▶ **WORK TASK**
All pictures must be dropped, while the entries are given again word for word.

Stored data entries
--------

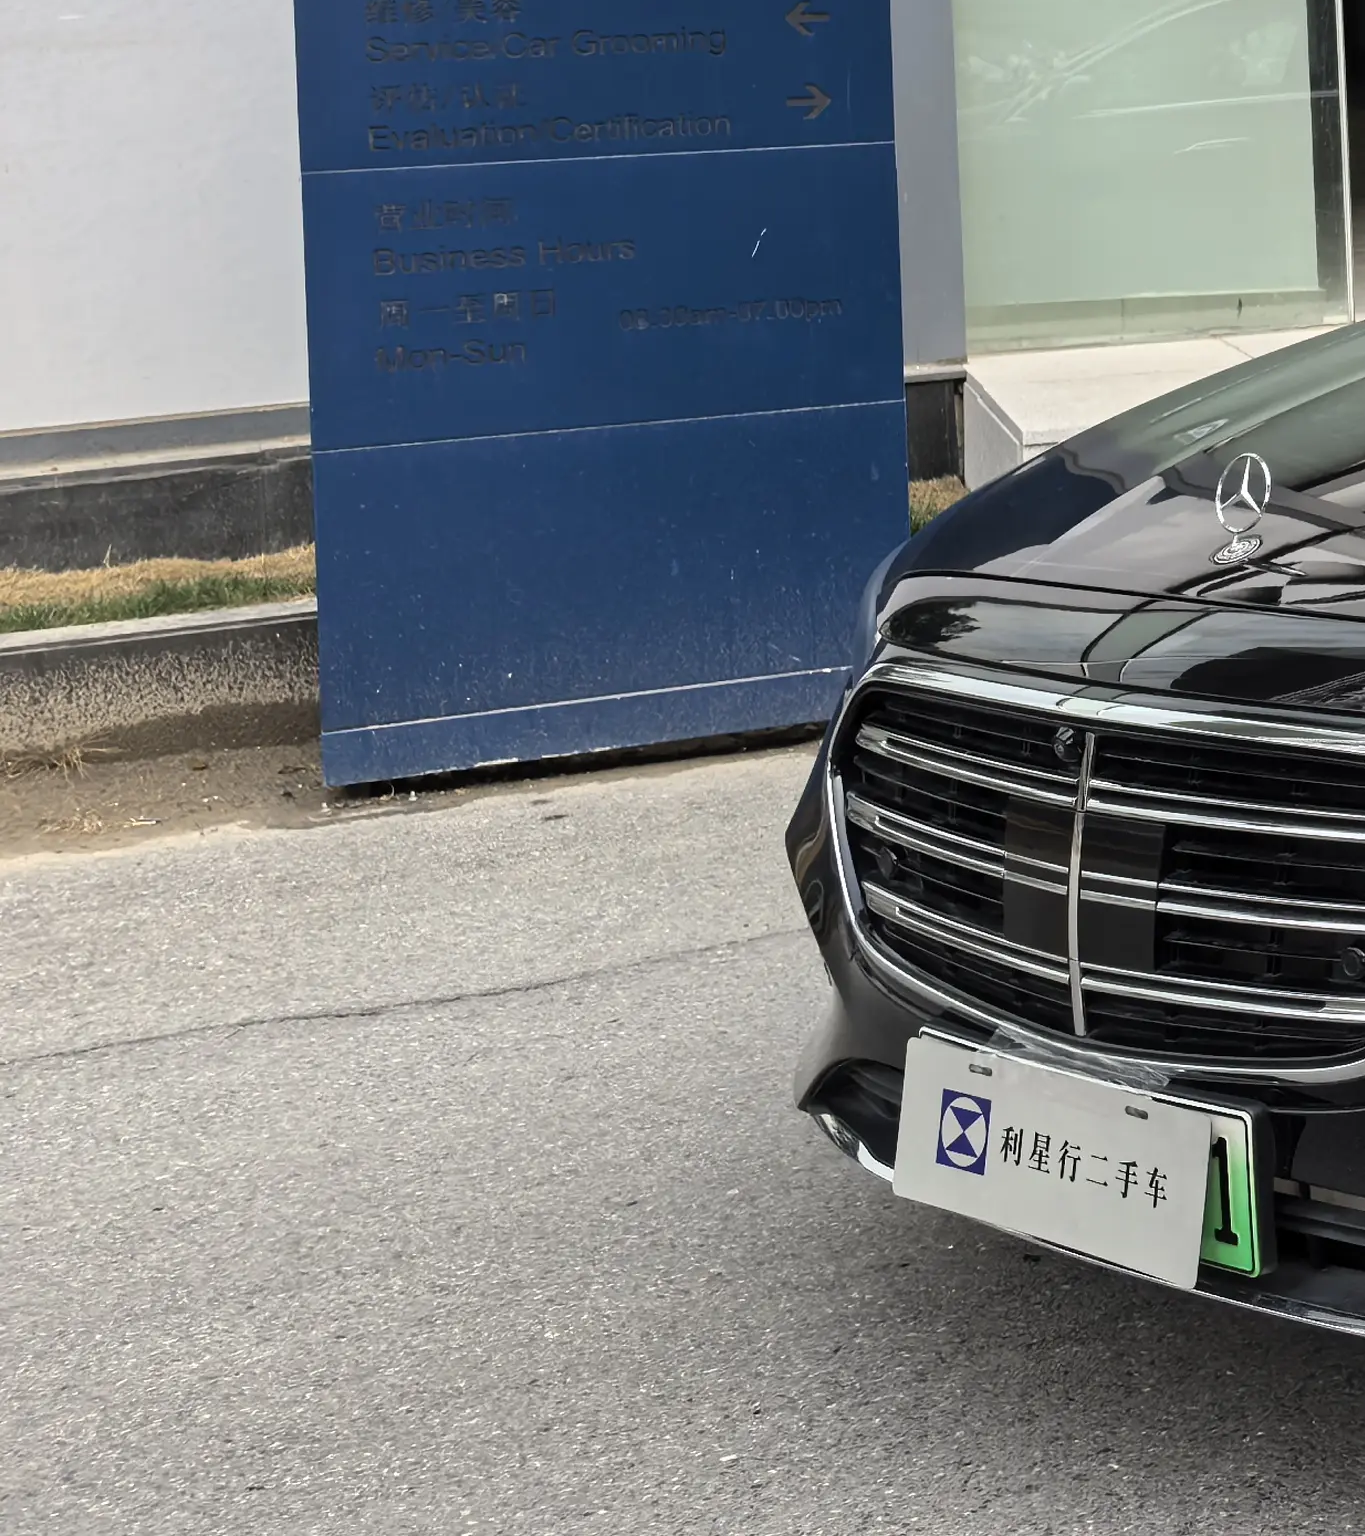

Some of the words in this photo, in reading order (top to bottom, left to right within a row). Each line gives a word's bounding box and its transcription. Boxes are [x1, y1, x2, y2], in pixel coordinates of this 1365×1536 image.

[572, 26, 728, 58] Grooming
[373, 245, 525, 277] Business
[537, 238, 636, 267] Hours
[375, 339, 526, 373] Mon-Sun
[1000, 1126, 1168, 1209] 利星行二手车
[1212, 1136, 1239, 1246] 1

--------

▶ **RESPONSE**
Some of the words in this photo, in reading order (top to bottom, left to right within a row). Each line gives a word's bounding box and its transcription. Boxes are [x1, y1, x2, y2], in pixel coordinates of this 1365×1536 image.

[572, 26, 728, 58] Grooming
[373, 245, 525, 277] Business
[537, 238, 636, 267] Hours
[375, 339, 526, 373] Mon-Sun
[1000, 1126, 1168, 1209] 利星行二手车
[1212, 1136, 1239, 1246] 1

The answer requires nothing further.